Dataset entries:

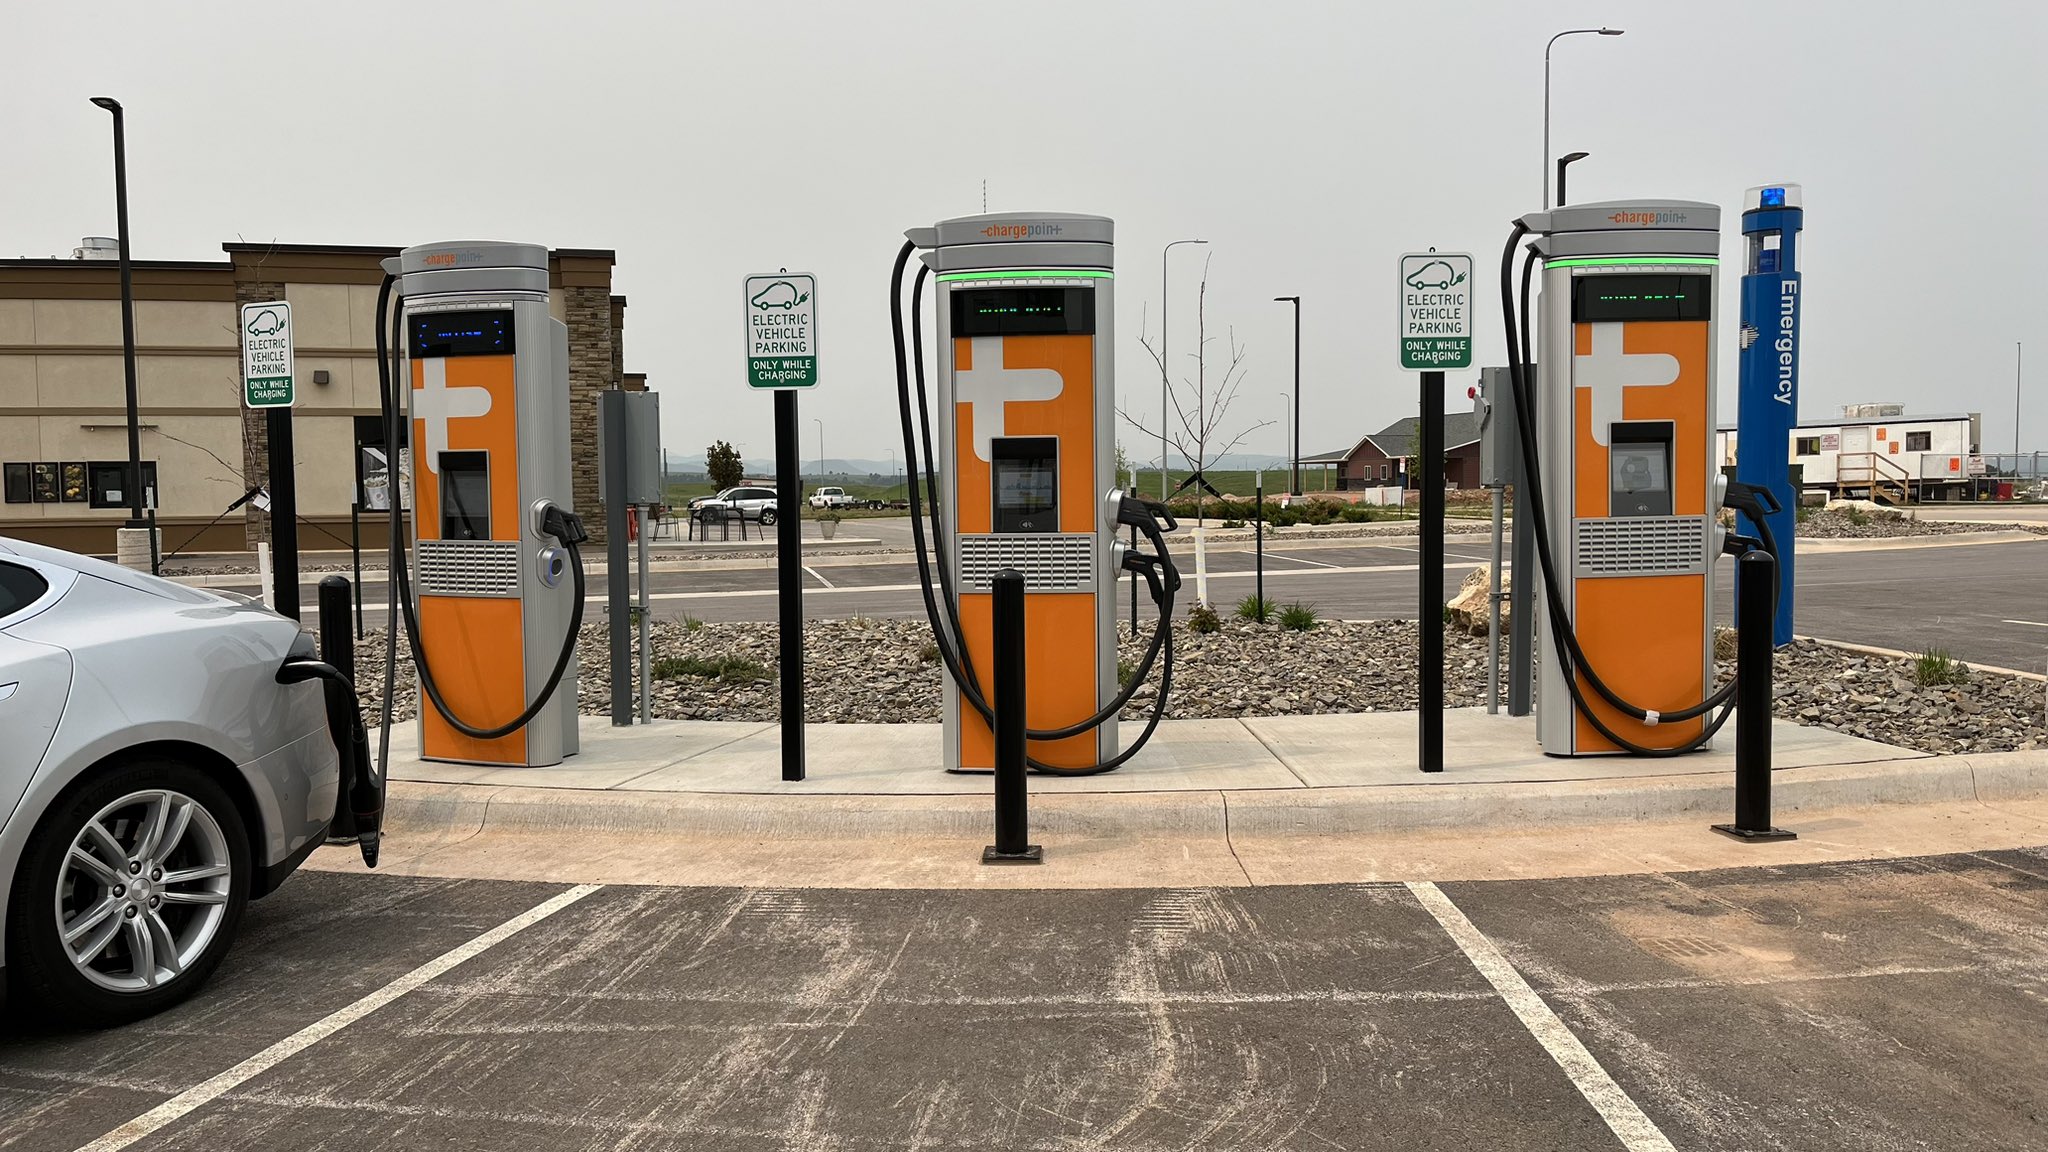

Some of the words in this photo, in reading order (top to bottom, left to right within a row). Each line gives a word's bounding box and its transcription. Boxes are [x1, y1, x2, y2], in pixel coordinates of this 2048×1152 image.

[1407, 293, 1464, 306] ELECTRIC
[752, 313, 808, 326] ELECTRIC
[1410, 308, 1462, 320] VEHICLE
[756, 327, 806, 340] VEHICLE
[1409, 322, 1462, 334] PARKING
[248, 338, 287, 351] ELECTRIC
[755, 341, 807, 354] PARKING
[1406, 341, 1432, 351] ONLY
[1436, 340, 1466, 350] WHILE
[1773, 279, 1798, 405] Emergency
[251, 350, 285, 363] VEHICLE
[1411, 351, 1461, 361] CHARGING
[251, 363, 286, 375] PARKING
[753, 360, 779, 370] ONLY
[782, 359, 812, 369] WHILE
[758, 370, 807, 380] CHARGING
[249, 381, 268, 390] ONLY
[269, 379, 290, 389] WHILE
[253, 389, 287, 399] CHARGING

Exercise directions: Each record needs to be reproduced exactly, and no image should be carried over.

Answer section:
Some of the words in this photo, in reading order (top to bottom, left to right within a row). Each line gives a word's bounding box and its transcription. Boxes are [x1, y1, x2, y2], in pixel coordinates of this 2048×1152 image.

[1407, 293, 1464, 306] ELECTRIC
[752, 313, 808, 326] ELECTRIC
[1410, 308, 1462, 320] VEHICLE
[756, 327, 806, 340] VEHICLE
[1409, 322, 1462, 334] PARKING
[248, 338, 287, 351] ELECTRIC
[755, 341, 807, 354] PARKING
[1406, 341, 1432, 351] ONLY
[1436, 340, 1466, 350] WHILE
[1773, 279, 1798, 405] Emergency
[251, 350, 285, 363] VEHICLE
[1411, 351, 1461, 361] CHARGING
[251, 363, 286, 375] PARKING
[753, 360, 779, 370] ONLY
[782, 359, 812, 369] WHILE
[758, 370, 807, 380] CHARGING
[249, 381, 268, 390] ONLY
[269, 379, 290, 389] WHILE
[253, 389, 287, 399] CHARGING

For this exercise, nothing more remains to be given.